CLAL Special Features

Welcome to CLAL Special Features where you will find articles by guest columnists and roundtables on hot issues and special topics.


Jewish Public Forum Seminar: “What Is Religion For?”
November 19, 2001 

Pre-Seminar Response to the Question:

“What Is Religion For?”

By Steve Greenberg 

The problem of religious arrogance has haunted me since the events of the September 11.  We all came face to face with the moral and mortal danger of “God’s chosen ones” carrying out the punishment of an evil empire in a terrible Islamic fundamentalist drama.  Once heaven’s spotlight shines exclusively upon a single religion, the rest are easily cast as supporting players, walk-ons or, as we have seen only too graphically, as antagonists. 

No faith can claim to be the exclusive path to the divine and avoid being implicated in the violence done in the name of God.  Those who believe that that their religious story is ultimately the only story, who claim that one cannot reach God except through Moses or Jesus or Mohammed have become a threat, not only to the plausibility of any religious world vision, but the very safety of the world.  The rising threat of Islamic fundamentalism challenges us all to find within each of our faiths, the capacity to speak a private religious language that we do not force upon others and a public religious language that struggles to include everyone. 

Given this, I have begun to think that, despite the fact that I had at one time longed for the Jewish recapture of the Temple Mount, I no longer need or want to mark the most sacred place for Jews as “only ours.”   It should be our honor that the sacred rock of the Temple Mount be for deemed holy for members of every monotheistic faith.   Surely each faith needs its own sacred space.  Retaining the plaza of the Western Wall as a Jewish pilgrimage and prayer space and keeping Al-Aksa open for Moslems on the southern side of the Temple Mount would seem right.  But each faith needs in very palpable and clear ways to give away its grasping ownership of the unknowable God.
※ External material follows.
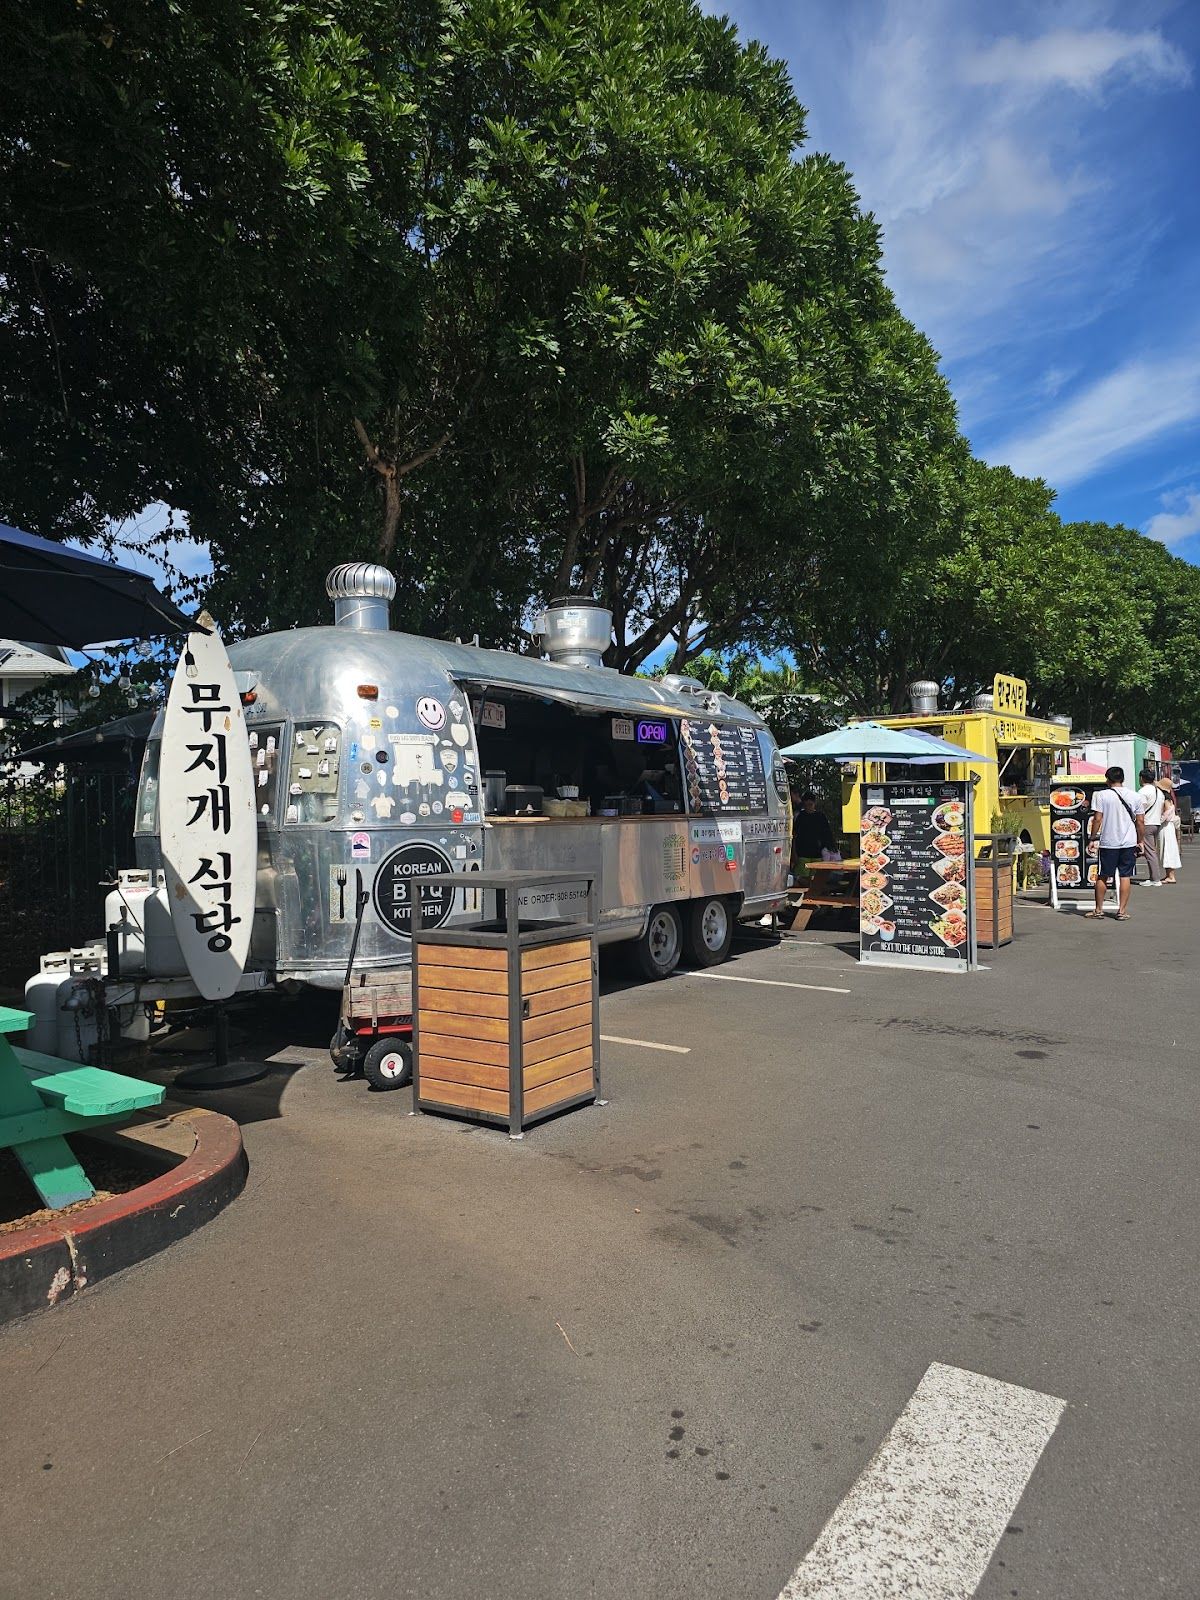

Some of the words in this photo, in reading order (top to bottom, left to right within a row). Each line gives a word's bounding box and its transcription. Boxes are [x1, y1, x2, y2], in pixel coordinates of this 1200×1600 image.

The central Temple Mount and the Dome of the Rock standing roughly in the same place as the destroyed ancient Jewish Temples of Herod and Solomon, should be open for contemplation and prayer to the One God.    An admission that at the very center of our faith is a mystery that empties us of our  certainties and binds us to God in wonder.  Of course, this is hardly a new thought.  Isaiah said it long ago in a vision of the future Temple that, he says in the name of God, would be a “house of prayer for all peoples.”  

 


    

To join the conversation at Special Features Discussion, click here.
To access the Special Features Archive, click here.
To receive  CLAL Special Features column by email on a regular basis, complete the box below:
topica
 Receive CLAL Special Features! 
       



Copyright c. 2001, CLAL - The National Jewish Center for Learning and Leadership. All rights reserved. Reproduction in whole or in part without permission is prohibited.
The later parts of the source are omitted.